▶ [WORK INSTRUCTION]:
Set down the data again word for word. Skip any pictures.
-------- RECORDS SHOWN --------
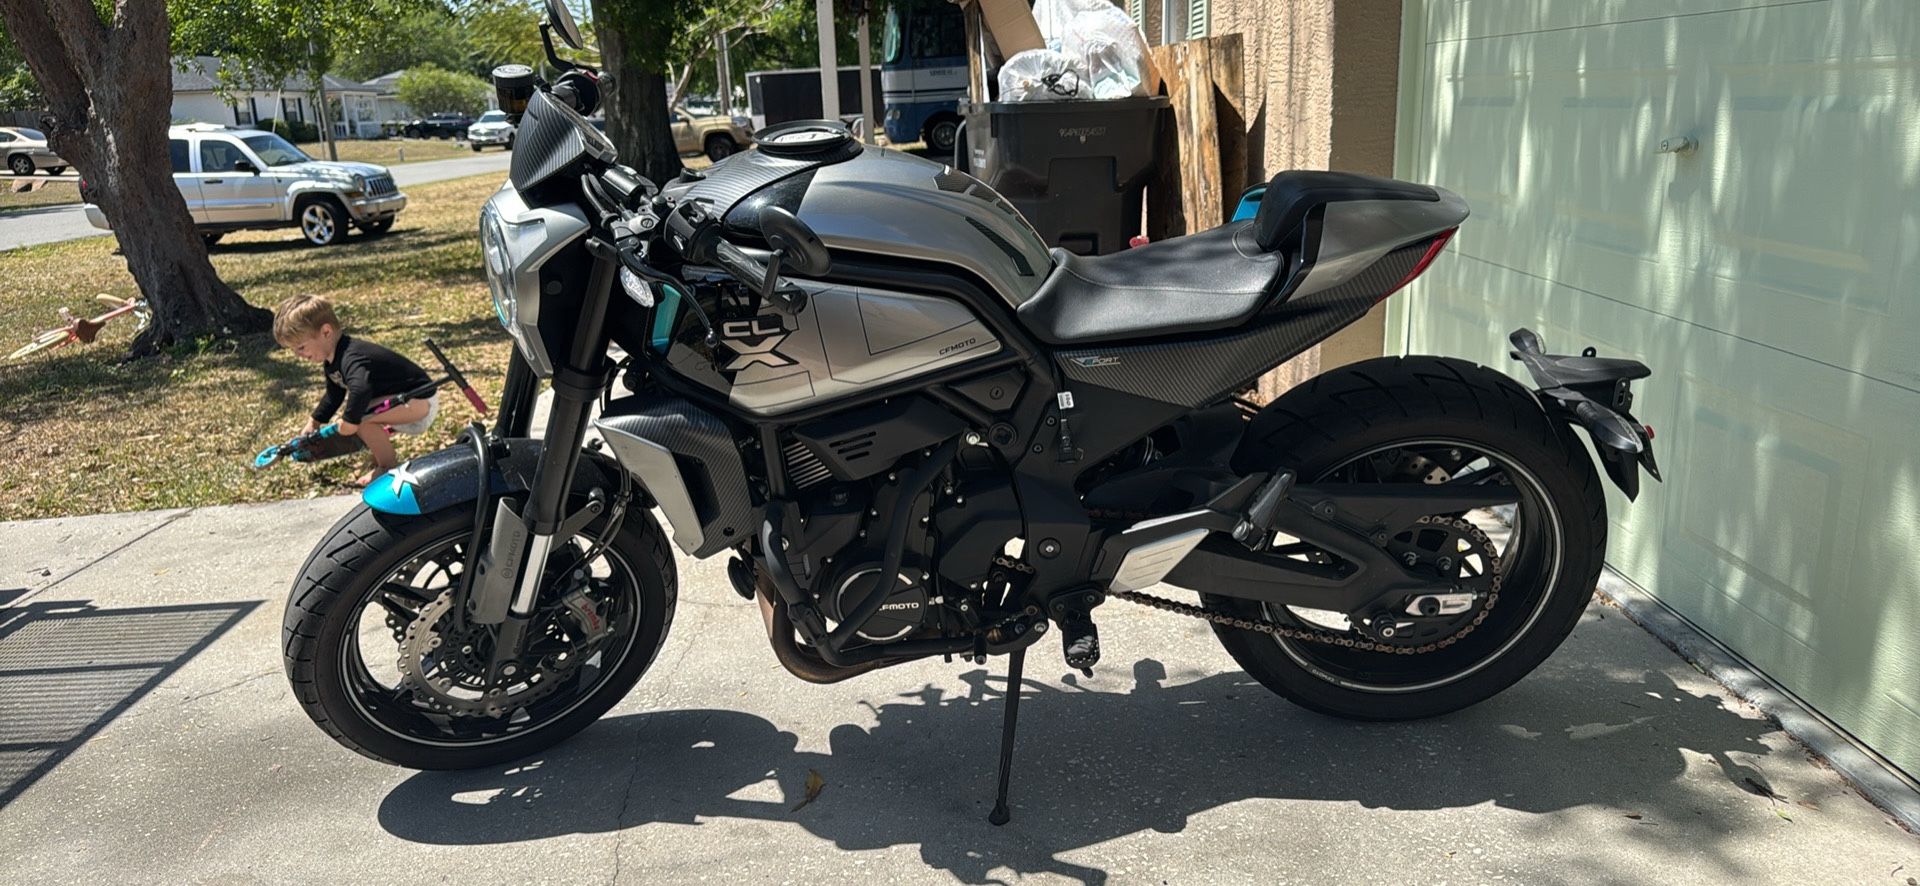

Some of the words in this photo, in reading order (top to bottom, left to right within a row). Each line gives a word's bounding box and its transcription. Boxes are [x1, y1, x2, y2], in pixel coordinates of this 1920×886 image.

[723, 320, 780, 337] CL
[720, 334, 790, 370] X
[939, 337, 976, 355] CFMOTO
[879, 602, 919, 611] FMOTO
--------
▶ [RESULT FOR THIS TASK]:
Some of the words in this photo, in reading order (top to bottom, left to right within a row). Each line gives a word's bounding box and its transcription. Boxes are [x1, y1, x2, y2], in pixel coordinates of this 1920×886 image.

[723, 320, 780, 337] CL
[720, 334, 790, 370] X
[939, 337, 976, 355] CFMOTO
[879, 602, 919, 611] FMOTO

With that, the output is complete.